▶ _Your goal_
Output every line of the listing as it stands.

-----

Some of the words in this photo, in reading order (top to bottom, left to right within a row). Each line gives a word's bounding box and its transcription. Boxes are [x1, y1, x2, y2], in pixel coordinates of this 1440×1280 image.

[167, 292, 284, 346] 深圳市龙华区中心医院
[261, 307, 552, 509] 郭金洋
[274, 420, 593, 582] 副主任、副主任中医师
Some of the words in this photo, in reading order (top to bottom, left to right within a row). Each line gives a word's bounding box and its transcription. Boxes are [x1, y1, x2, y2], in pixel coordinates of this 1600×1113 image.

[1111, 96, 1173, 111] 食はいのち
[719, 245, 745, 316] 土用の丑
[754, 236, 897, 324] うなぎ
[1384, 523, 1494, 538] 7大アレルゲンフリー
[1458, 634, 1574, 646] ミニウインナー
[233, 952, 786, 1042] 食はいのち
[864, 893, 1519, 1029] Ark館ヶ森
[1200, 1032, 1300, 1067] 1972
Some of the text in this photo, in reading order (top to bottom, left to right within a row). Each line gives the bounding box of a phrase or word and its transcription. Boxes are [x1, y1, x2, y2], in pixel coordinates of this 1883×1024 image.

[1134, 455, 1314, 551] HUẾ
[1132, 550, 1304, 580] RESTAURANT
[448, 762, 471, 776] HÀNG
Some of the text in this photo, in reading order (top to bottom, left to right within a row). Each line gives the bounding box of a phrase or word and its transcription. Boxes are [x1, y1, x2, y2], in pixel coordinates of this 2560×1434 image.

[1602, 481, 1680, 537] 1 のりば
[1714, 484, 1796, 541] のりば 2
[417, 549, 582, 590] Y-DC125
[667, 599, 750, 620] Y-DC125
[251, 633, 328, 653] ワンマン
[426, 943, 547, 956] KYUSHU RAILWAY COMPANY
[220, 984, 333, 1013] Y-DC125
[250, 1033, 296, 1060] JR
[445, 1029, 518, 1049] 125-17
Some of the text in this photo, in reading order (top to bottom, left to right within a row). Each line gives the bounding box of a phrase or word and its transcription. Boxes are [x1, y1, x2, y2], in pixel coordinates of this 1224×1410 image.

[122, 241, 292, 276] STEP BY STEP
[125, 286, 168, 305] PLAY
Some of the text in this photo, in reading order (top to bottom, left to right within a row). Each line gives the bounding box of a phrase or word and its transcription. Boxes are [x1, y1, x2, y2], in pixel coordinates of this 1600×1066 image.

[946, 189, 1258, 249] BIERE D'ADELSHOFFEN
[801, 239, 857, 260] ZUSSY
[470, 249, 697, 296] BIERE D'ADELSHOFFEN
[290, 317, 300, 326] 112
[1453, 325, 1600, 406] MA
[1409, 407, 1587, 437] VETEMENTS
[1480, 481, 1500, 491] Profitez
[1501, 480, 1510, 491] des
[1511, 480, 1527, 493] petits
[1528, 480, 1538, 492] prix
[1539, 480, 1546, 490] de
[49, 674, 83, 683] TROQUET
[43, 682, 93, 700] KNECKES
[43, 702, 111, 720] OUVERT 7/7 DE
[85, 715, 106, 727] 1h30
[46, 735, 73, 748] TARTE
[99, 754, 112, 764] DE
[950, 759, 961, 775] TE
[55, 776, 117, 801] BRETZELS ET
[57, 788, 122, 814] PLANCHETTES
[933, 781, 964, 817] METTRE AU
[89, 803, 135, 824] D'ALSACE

-----

▶ _Answer for this exercise_
Some of the words in this photo, in reading order (top to bottom, left to right within a row). Each line gives a word's bounding box and its transcription. Boxes are [x1, y1, x2, y2], in pixel coordinates of this 1440×1280 image.

[167, 292, 284, 346] 深圳市龙华区中心医院
[261, 307, 552, 509] 郭金洋
[274, 420, 593, 582] 副主任、副主任中医师
Some of the words in this photo, in reading order (top to bottom, left to right within a row). Each line gives a word's bounding box and its transcription. Boxes are [x1, y1, x2, y2], in pixel coordinates of this 1600×1113 image.

[1111, 96, 1173, 111] 食はいのち
[719, 245, 745, 316] 土用の丑
[754, 236, 897, 324] うなぎ
[1384, 523, 1494, 538] 7大アレルゲンフリー
[1458, 634, 1574, 646] ミニウインナー
[233, 952, 786, 1042] 食はいのち
[864, 893, 1519, 1029] Ark館ヶ森
[1200, 1032, 1300, 1067] 1972
Some of the text in this photo, in reading order (top to bottom, left to right within a row). Each line gives the bounding box of a phrase or word and its transcription. Boxes are [x1, y1, x2, y2], in pixel coordinates of this 1883×1024 image.

[1134, 455, 1314, 551] HUẾ
[1132, 550, 1304, 580] RESTAURANT
[448, 762, 471, 776] HÀNG
Some of the text in this photo, in reading order (top to bottom, left to right within a row). Each line gives the bounding box of a phrase or word and its transcription. Boxes are [x1, y1, x2, y2], in pixel coordinates of this 2560×1434 image.

[1602, 481, 1680, 537] 1 のりば
[1714, 484, 1796, 541] のりば 2
[417, 549, 582, 590] Y-DC125
[667, 599, 750, 620] Y-DC125
[251, 633, 328, 653] ワンマン
[426, 943, 547, 956] KYUSHU RAILWAY COMPANY
[220, 984, 333, 1013] Y-DC125
[250, 1033, 296, 1060] JR
[445, 1029, 518, 1049] 125-17
Some of the text in this photo, in reading order (top to bottom, left to right within a row). Each line gives the bounding box of a phrase or word and its transcription. Boxes are [x1, y1, x2, y2], in pixel coordinates of this 1224×1410 image.

[122, 241, 292, 276] STEP BY STEP
[125, 286, 168, 305] PLAY
Some of the text in this photo, in reading order (top to bottom, left to right within a row). Each line gives the bounding box of a phrase or word and its transcription. Boxes are [x1, y1, x2, y2], in pixel coordinates of this 1600×1066 image.

[946, 189, 1258, 249] BIERE D'ADELSHOFFEN
[801, 239, 857, 260] ZUSSY
[470, 249, 697, 296] BIERE D'ADELSHOFFEN
[290, 317, 300, 326] 112
[1453, 325, 1600, 406] MA
[1409, 407, 1587, 437] VETEMENTS
[1480, 481, 1500, 491] Profitez
[1501, 480, 1510, 491] des
[1511, 480, 1527, 493] petits
[1528, 480, 1538, 492] prix
[1539, 480, 1546, 490] de
[49, 674, 83, 683] TROQUET
[43, 682, 93, 700] KNECKES
[43, 702, 111, 720] OUVERT 7/7 DE
[85, 715, 106, 727] 1h30
[46, 735, 73, 748] TARTE
[99, 754, 112, 764] DE
[950, 759, 961, 775] TE
[55, 776, 117, 801] BRETZELS ET
[57, 788, 122, 814] PLANCHETTES
[933, 781, 964, 817] METTRE AU
[89, 803, 135, 824] D'ALSACE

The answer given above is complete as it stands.